Insights From: Daniel J. George, MD, Duke University Medical Center
Published: Tuesday, Jan 02, 2018



Transcript: 

Daniel J. George, MD: For patients who present with either metastatic transitional cell carcinoma bladder cancer or start out with more localized disease that then recurs as metastasis, many of these patients are ineligible for cisplatin-based chemotherapy which, historically, has been our only really proven therapy to prolong survival. Cisplatin, I really want to distinguish here from carboplatin. This is one of those tumors where these 2 agents are not equivalent, and cisplatin has really shown the survival benefits, the response benefits, and the duration of response that we haven’t been able to reproduce with carboplatin for whatever reason.

So, when we look at our patient population, the first thing we do in this metastatic setting is ask, can these patients tolerate cisplatin-based chemotherapy? And sadly, probably half or more of our patients don’t and there’s a variety of reasons why. The most common reason probably has to do with their kidney function. And many of our patients have either had issues with creatinine clearances that are low because of coexisting comorbidities or if they have an upper tract lesion, had one kidney removed. But whatever the reason, we see a significant percentage of our patients with creatinine clearances less than 50. When you have a creatinine clearance less than 50, we’re generally going to have to modify your dose of cisplatin down to a level where it may be just difficult to either tolerate or be able to respond. Between 50 and 60, we’re able to manage many of those patients. Above 60, we can usually give full-dose cisplatin without difficulty. So, that’s typically our range when we’re looking at patients, and sadly, that’s a population, because they’re older and with these comorbidities, where platinum treatment is often difficult.

A second criteria that gets in the way of many of our patients, believe it or not, is hearing. A lot of our patients are men. Older men have a lot of difficulty with hearing loss, and that can be really disruptive from a quality-of-life perspective. If they’ve already got significant hearing loss, cisplatin chemotherapy can really completely disrupt and block all hearing, which is a major concern for many of these folks. Neuropathy is another. A lot of these folks—again, older patients—have neuropathy from either spinal stenosis, arthritis, or other causes, like diabetes and other conditions, that can really make neuropathy debilitating if it worsens, and platinum chemotherapies are notorious for worsening peripheral neuropathy.
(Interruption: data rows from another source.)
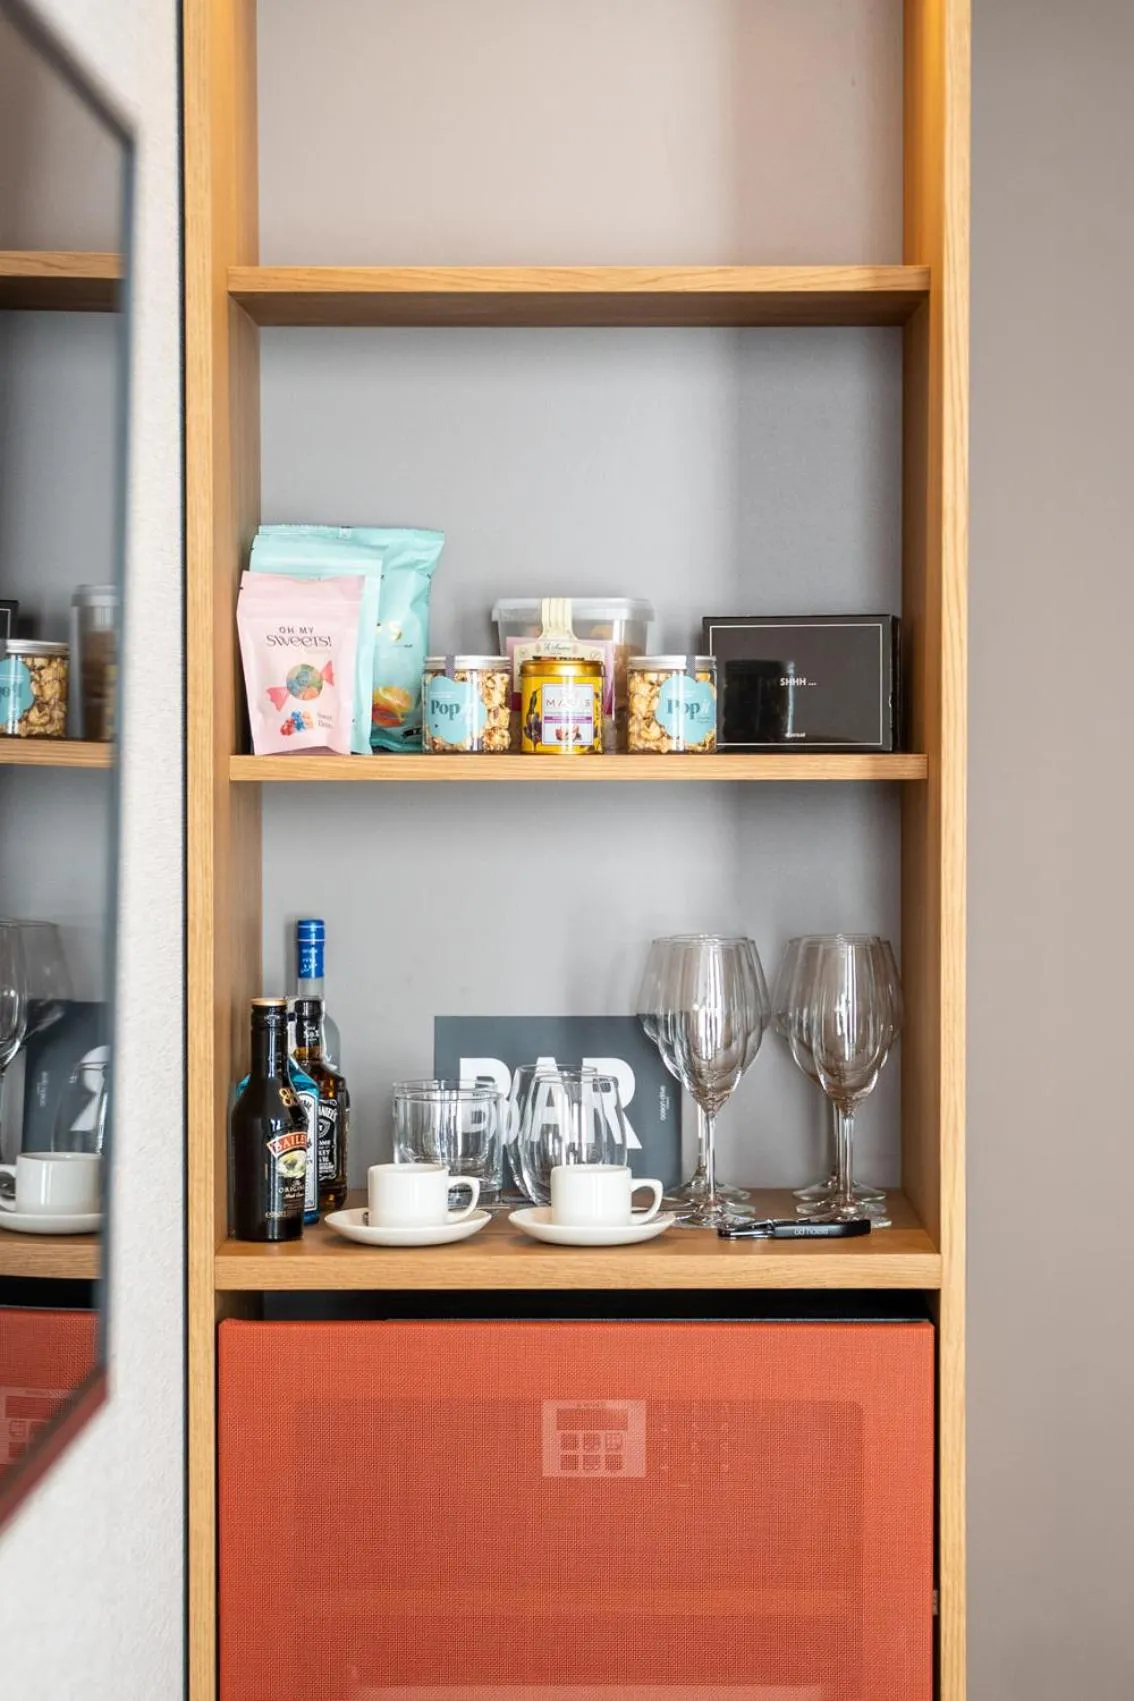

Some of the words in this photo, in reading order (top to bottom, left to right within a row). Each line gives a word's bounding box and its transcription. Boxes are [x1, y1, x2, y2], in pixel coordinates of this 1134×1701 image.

[279, 626, 294, 634] OH
[299, 626, 314, 634] MY
[431, 700, 461, 720] Pop
[459, 1057, 643, 1150] BAR
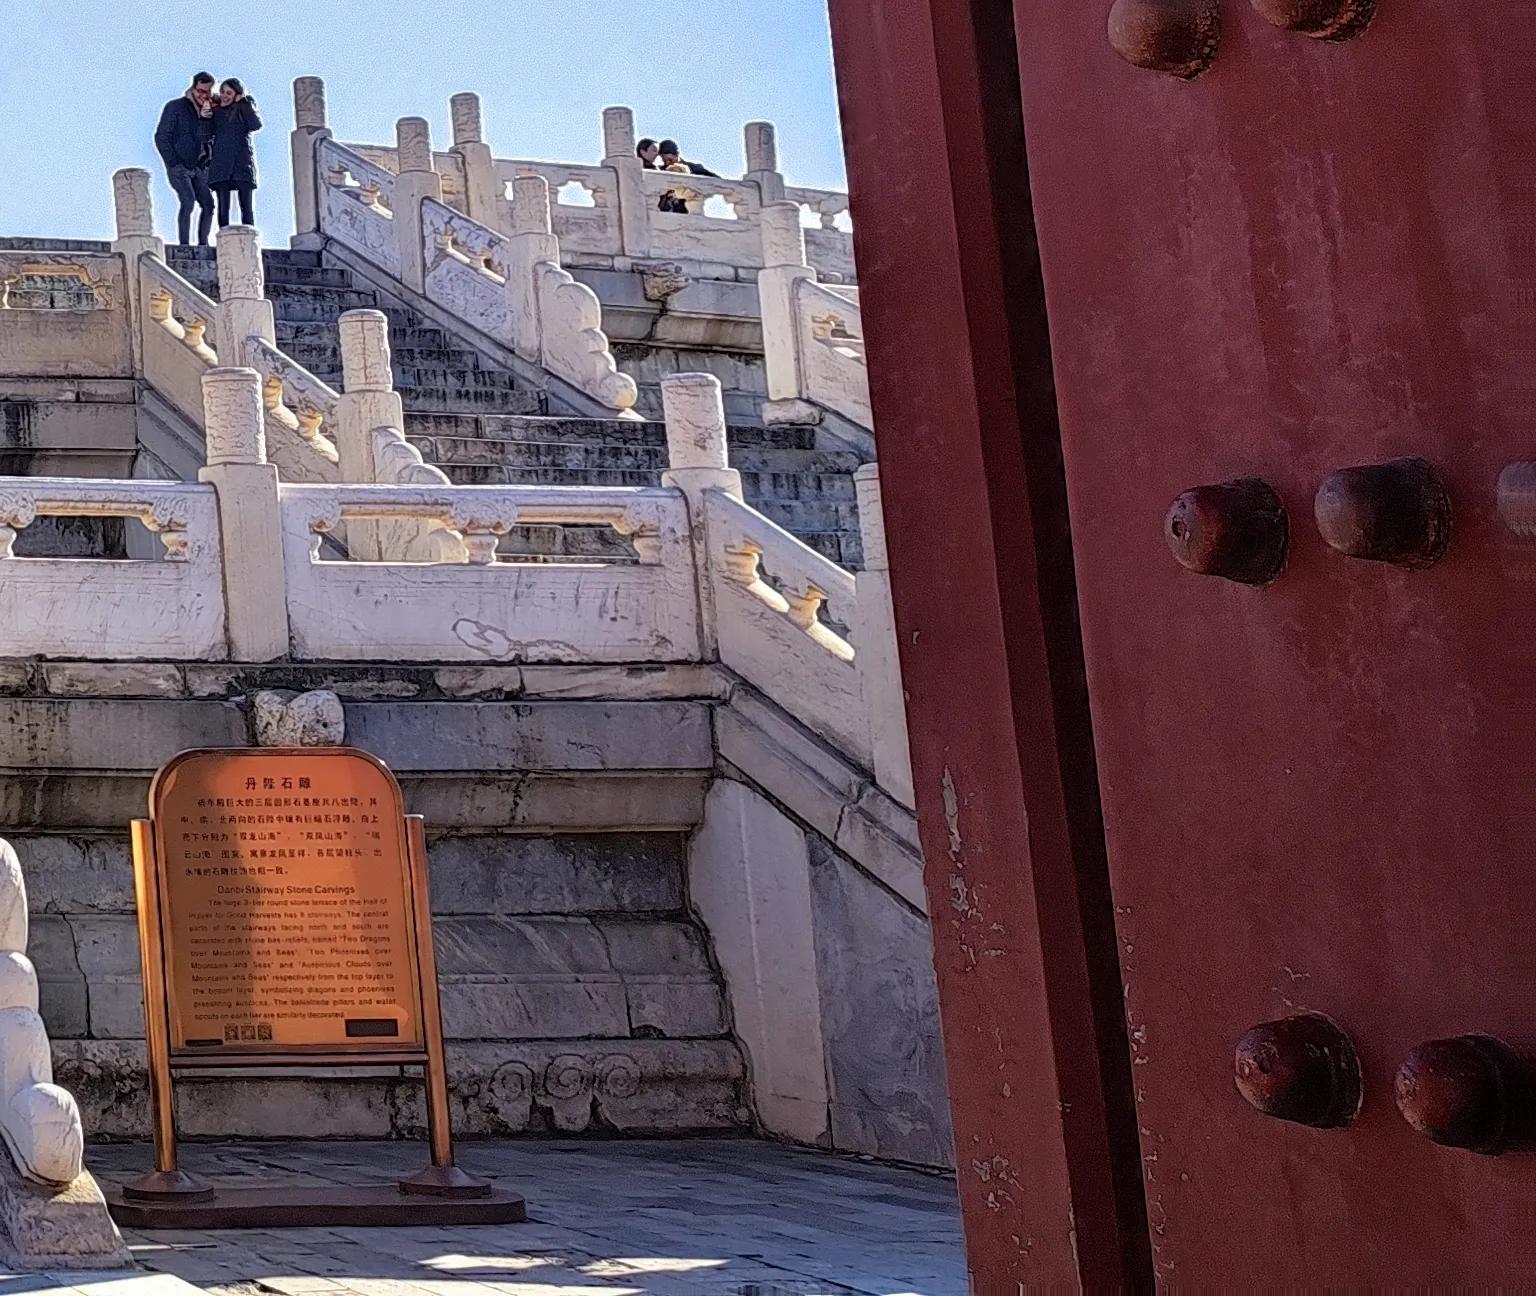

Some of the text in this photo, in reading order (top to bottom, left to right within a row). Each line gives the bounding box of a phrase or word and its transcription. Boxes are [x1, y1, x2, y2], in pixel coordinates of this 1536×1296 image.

[245, 777, 312, 790] 丹陛石雕
[245, 886, 284, 895] Stairway
[287, 886, 312, 894] Stone
[314, 885, 355, 895] Carvings
[360, 935, 390, 943] Dragons
And then, lastly, is performance status. Many of our patients will come in with metastatic disease that’s symptomatic. And, particularly if they’ve got metastatic sites that are symptomatic in bone or key visceral organs, they may not be able to tolerate cisplatinum-based chemotherapy simply because of a performance status of 2 or worse.

When I’m dealing with a patient who has a platinum-ineligible bladder cancer, it’s a real challenge. Historically, the only options we’ve really had for these patients have been chemotherapies that have no real proven survival benefit and relatively limited response benefit. Probably the best chemotherapy option for these patients has been carboplatin/gemcitabine. So, that has been a de facto standard of care for these patients. There are some patients who are absolutely platinum refractory, just cannot tolerate any platinum, period, because of maybe really severe neuropathy or issues with really poor performance status.
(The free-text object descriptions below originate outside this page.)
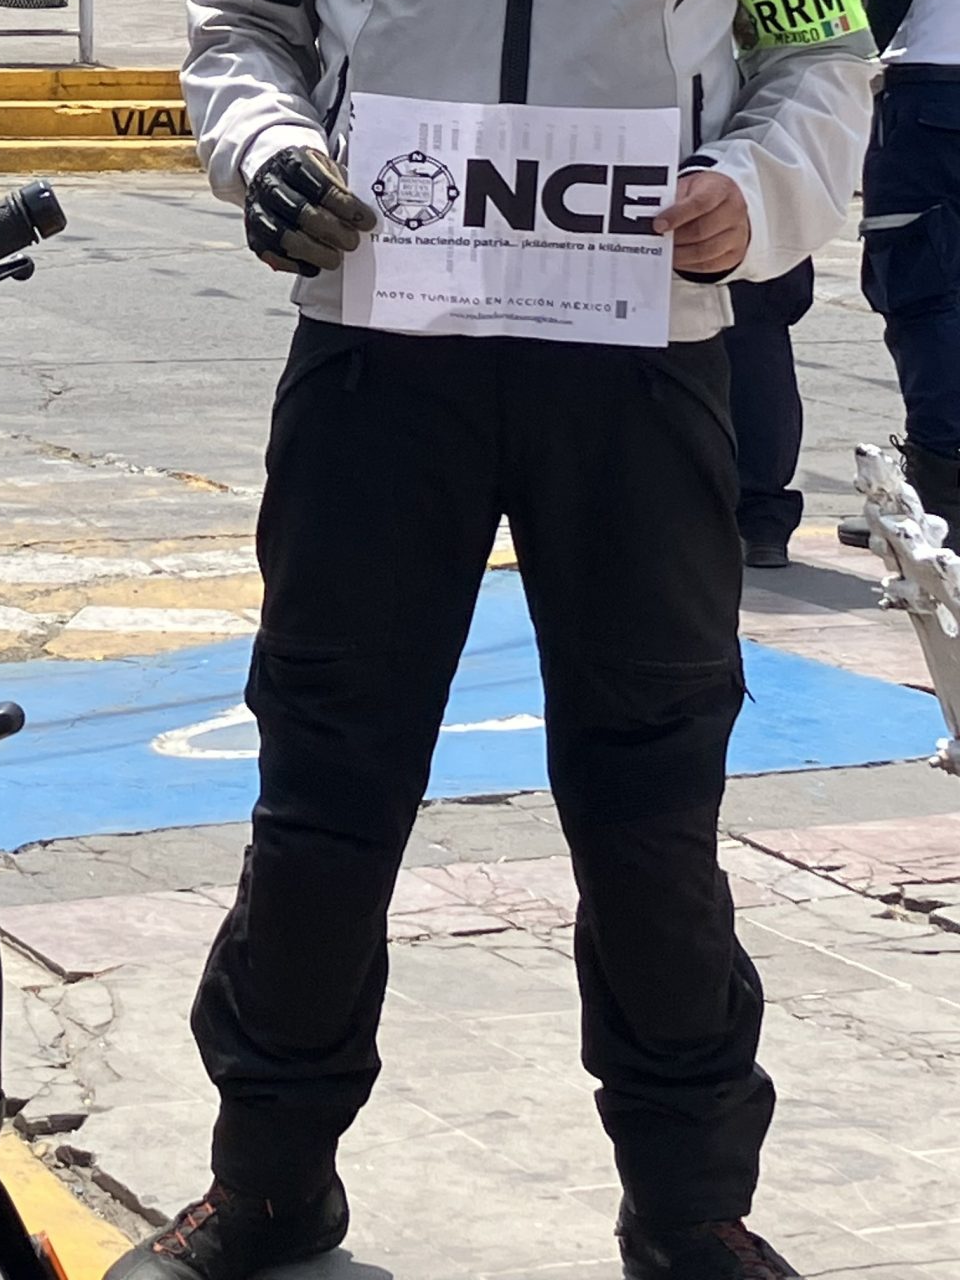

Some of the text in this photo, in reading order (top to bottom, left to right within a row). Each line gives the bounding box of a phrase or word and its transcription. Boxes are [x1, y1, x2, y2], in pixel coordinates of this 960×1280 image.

[382, 234, 412, 245] años
[415, 236, 470, 247] haciendo
[587, 243, 595, 251] a
[376, 290, 415, 300] MOTO
[420, 293, 480, 305] TURISMO
[485, 296, 502, 305] EN
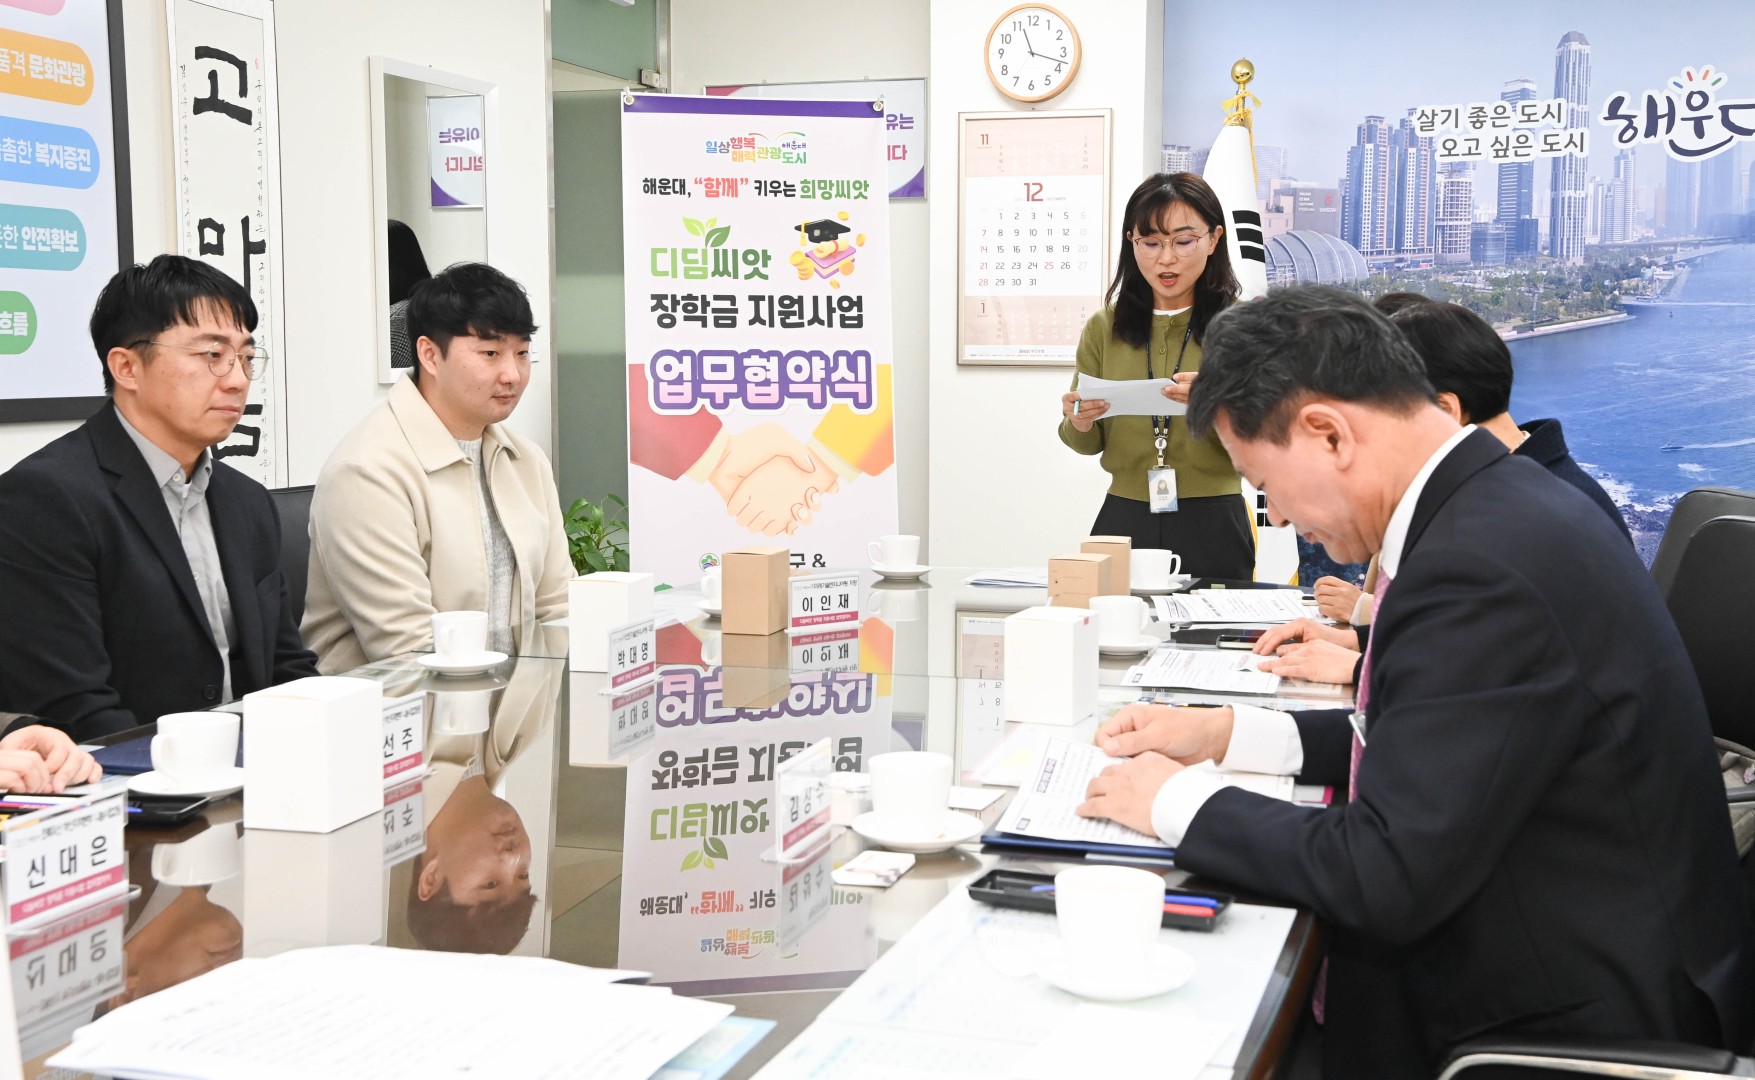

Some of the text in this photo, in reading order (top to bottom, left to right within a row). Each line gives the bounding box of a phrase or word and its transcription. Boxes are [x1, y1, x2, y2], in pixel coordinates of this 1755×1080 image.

[1012, 21, 1022, 31] 11
[1027, 15, 1040, 26] 12
[1046, 20, 1051, 30] 1
[1000, 34, 1012, 44] 10
[1056, 29, 1063, 41] 2
[998, 48, 1005, 59] 9
[1060, 47, 1067, 58] 3
[29, 53, 87, 88] 문화관광
[1001, 64, 1008, 76] 8
[1054, 63, 1062, 74] 4
[1013, 76, 1020, 87] 7
[1028, 80, 1035, 91] 6
[1044, 75, 1052, 86] 5
[1416, 103, 1563, 132] 살기 좋은 도시
[980, 133, 989, 145] 11
[1439, 132, 1585, 159] 오고 싶은 도시
[0, 136, 92, 173] 촘한 복지증진
[642, 177, 691, 198] 해운대,
[754, 179, 797, 198] 키우는
[799, 179, 870, 200] 희망씨앗
[1023, 182, 1044, 202] 12
[999, 212, 1003, 220] 1
[1014, 212, 1020, 220] 2
[1031, 212, 1036, 220] 3
[1047, 211, 1053, 220] 4
[1063, 211, 1069, 220] 5
[0, 223, 80, 253] 한 안전확보
[981, 229, 987, 237] 7
[997, 229, 1004, 237] 8
[1014, 229, 1020, 237] 9
[1029, 228, 1038, 237] 10
[1047, 228, 1053, 236] 11
[1062, 228, 1070, 236] 12
[980, 245, 988, 253] 14
[996, 245, 1005, 254] 15
[1013, 245, 1021, 254] 16
[1029, 245, 1037, 253] 17
[1045, 244, 1054, 253] 18
[1062, 244, 1070, 253] 19
[650, 247, 772, 281] 디딤씨앗
[980, 262, 988, 270] 21
[995, 262, 1005, 270] 22
[1011, 261, 1021, 270] 23
[1027, 261, 1038, 270] 24
[1044, 261, 1054, 270] 25
[1060, 261, 1071, 270] 26
[978, 278, 1037, 287] 28 29 30 31
[650, 293, 864, 330] 장학금 지원사업
[980, 302, 985, 314] 1
[651, 350, 871, 411] 업무협약식
[812, 553, 826, 567] &
[27, 835, 108, 890] 신대은
But for patients who have softer reasons or more reasons for being cisplatin-ineligible, but we think maybe could tolerate carboplatinum—kidney function, creatinine clearance that is more in that gray zone of, say, 30 to 50, patients who have perhaps some hearing loss but it’s not severe—these are patients who we’ll offer a carboplatin/gemcitabine combination to. And I think that’s still appropriate for a number of folks. These patients can respond to therapy. That therapy can be palliative. We can see response rates typically around a 30% range for these patients. So, that’s a reasonable response, and they’re still candidates for immunotherapy after that. Particularly for patients who I see that I think are symptomatic, are having a lot of pain, or weight loss, or other kind of physical complications associated with their cancer, and who I think can tolerate a platinum-based chemotherapy like carboplatinum/gemcitabine, I’ll still consider that. It works quickly. We can see responses in a relatively short period of time, and I know that I’ve still got a rescue strategy with my I-O therapies to follow.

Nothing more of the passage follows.